Living on a Prayer – Lemon and a Pear (Love Anyway Blog)

I listen to a lot of classic rock.

Or what is now considered classic rock. 80s rock.  To me, that was like yesterday, but my kids tell me it’s old. Van Halen, Aerosmith, Journey, Bon Jovi.

And the latter has a song that nearly everyone knows.

Living on a prayer.

Lemon and a Pear

Chicken on a bear

Lizard on a chair

I have a love/hate relationship with that song.

On the one hand, prayer – very important in my life. Maybe your’s too. Or maybe not. Any which way you pray or don’t, it’s all good. But for me it’s important.

On the other hand, the lyrics speak of a (presumably young) couple, Tommy and Gina, and their struggles with just getting by. Tommy’s union is on strike so he’s out of work, Gina’s working in a diner… but they’re halfway “there’ because they’re “living on a prayer”.

Ugh.

Might as well be a chicken on a bear. Maybe you can catch the chicken and eat it with lemon and pear juice.

Don’t get me wrong. As I said, prayer is important in my life. I think prayer ‘works’. I think that at times my prayers have been answered in very powerful and specific ways. Miraculous ways. (But that’s a story for another post.)
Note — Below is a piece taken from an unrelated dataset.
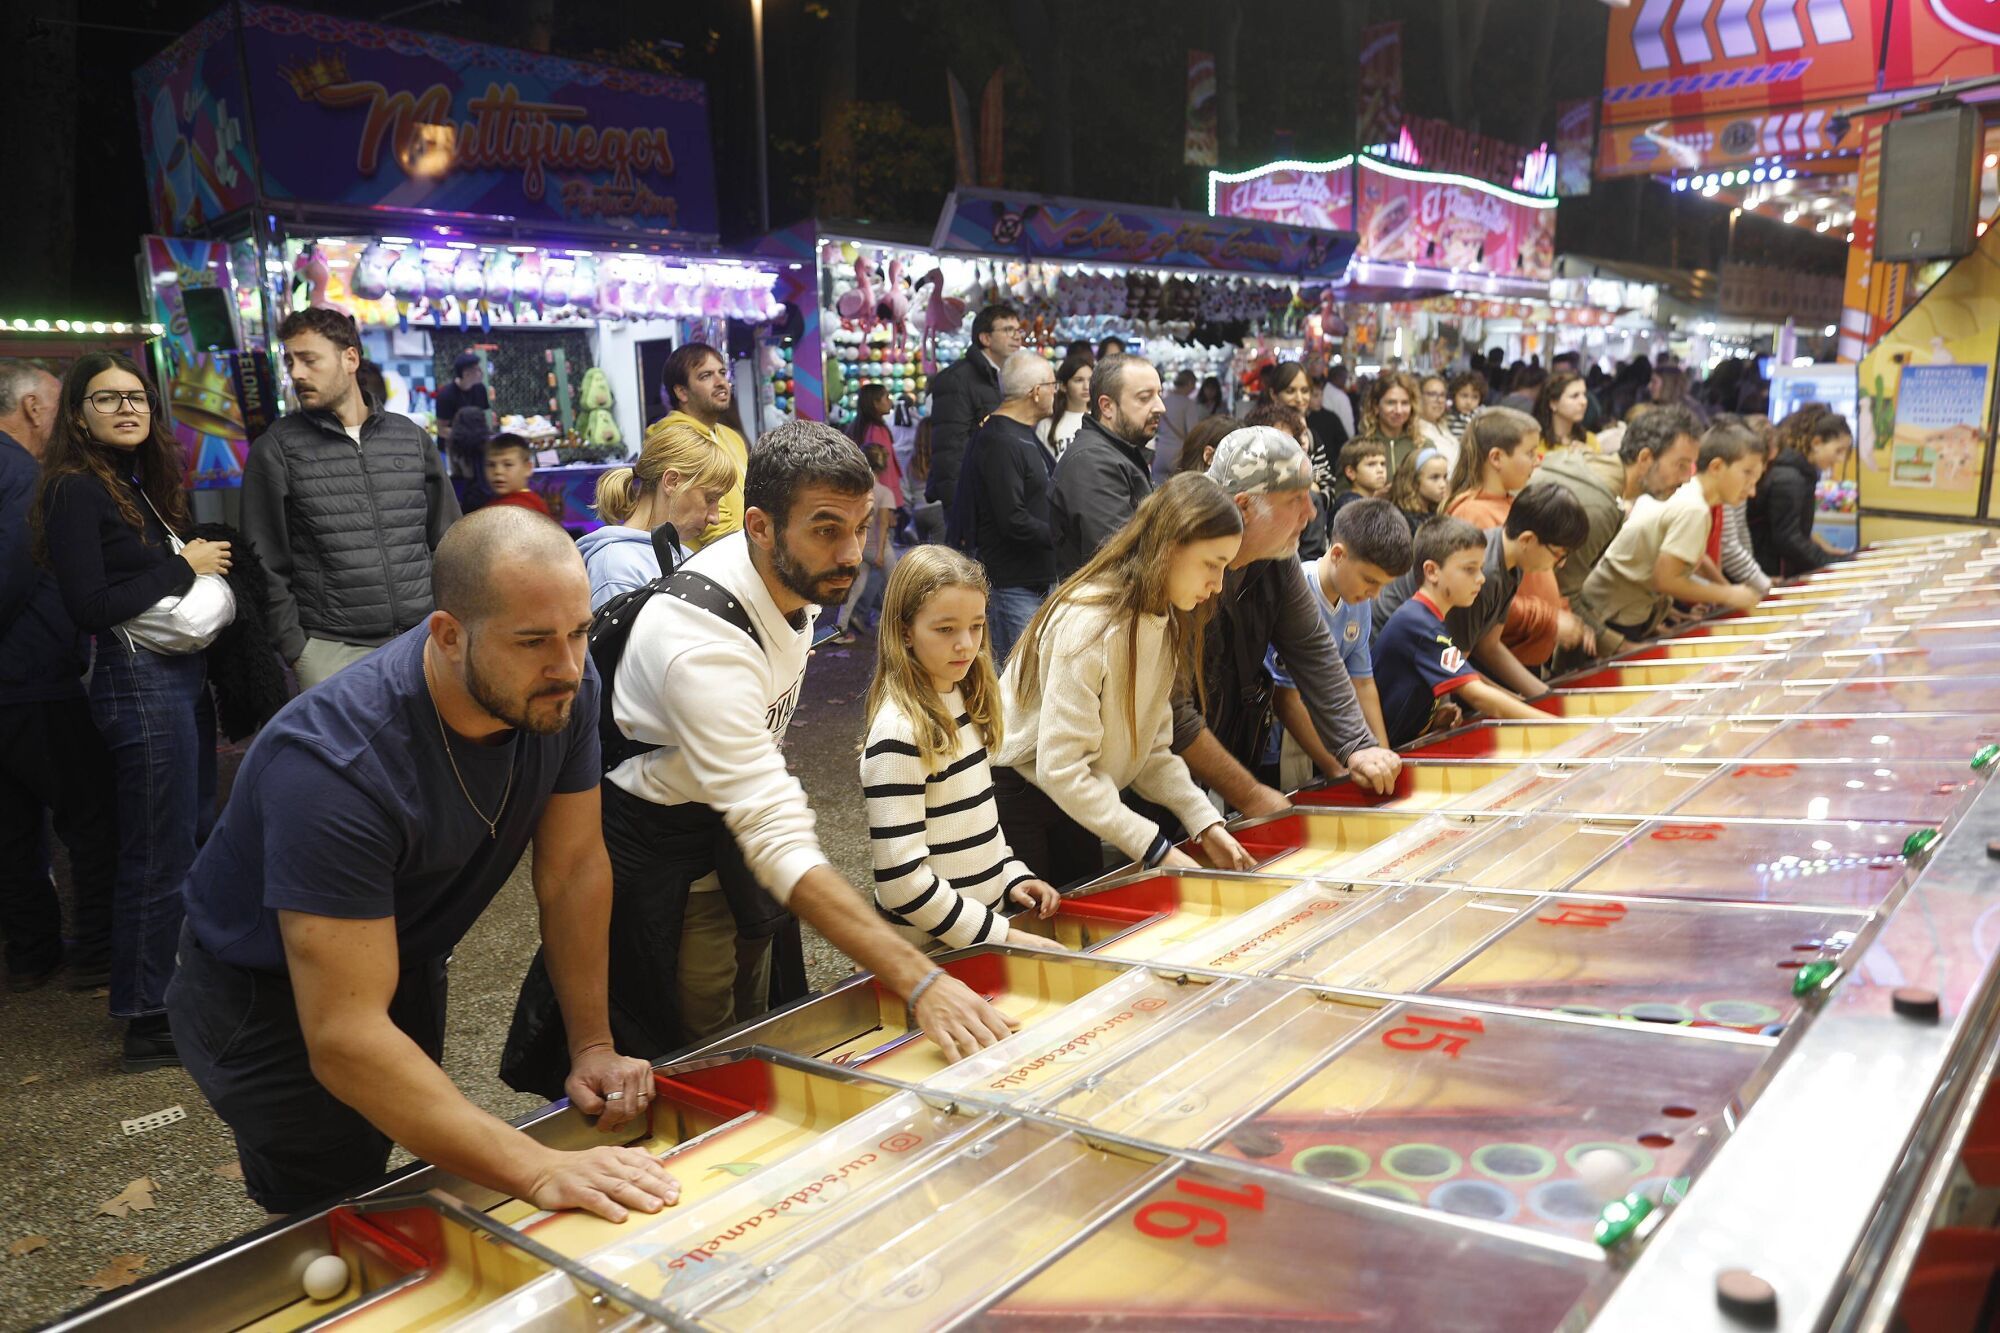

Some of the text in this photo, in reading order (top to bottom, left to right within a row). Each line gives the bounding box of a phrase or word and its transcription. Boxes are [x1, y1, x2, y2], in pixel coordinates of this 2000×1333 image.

But other times I think prayer means you pray, but then you get up off your butt and do something to make it happen.

Like Tommy and Gina. They’re struggling. But they have love so they’re “halfway there”. And while love between a couple, that passionate, all-in, all for that one other person love, can be amazing and in and of itself can do amazing things, it sometimes doesn’t put food on the table.

Can they get up off their butts and do more than just get halfway there? Can they get “all the way” there? Where ever their definition of “there” is?


To be clear, this isn’t a ‘bashing’ of those that struggle. I struggle. My wife and I have lived right at the poverty line for all our adult lives, often plunging drastically below and very nearly being homeless – actually, come to think of it, we were homeless, technically, and had to live with one or the other of our parents at varying points in our marriage.

l more than fully understand that struggle. I more than fully understand that struggle today. Right now.

But should Tommy and Gina rely solely on prayer and each other because it’s enough?

Oh hell no.

All of us, every one of us, we need each other. We need community. And gosh darn it, sometimes we all need help. We all need someone to say “here’s some money go buy some food”. We need those social programs that help with food and heat and healthcare. We need those church food pantries to give us some ramen and pancake mix.

But of all that “each other’ is the important part. None of us are built to go it alone. None of us are meant to isolate ourselves and our families from COMMUNITY.

So if you’re a Tommy or a Gina and you’re literally living on a prayer because you think you have no choice, I implore you, I BEG you, reach out. Get some help. We’re not made to go it alone, and we’re not made to struggle.

There is no shame in asking and getting help. There is nothing heroic about living on a prayer.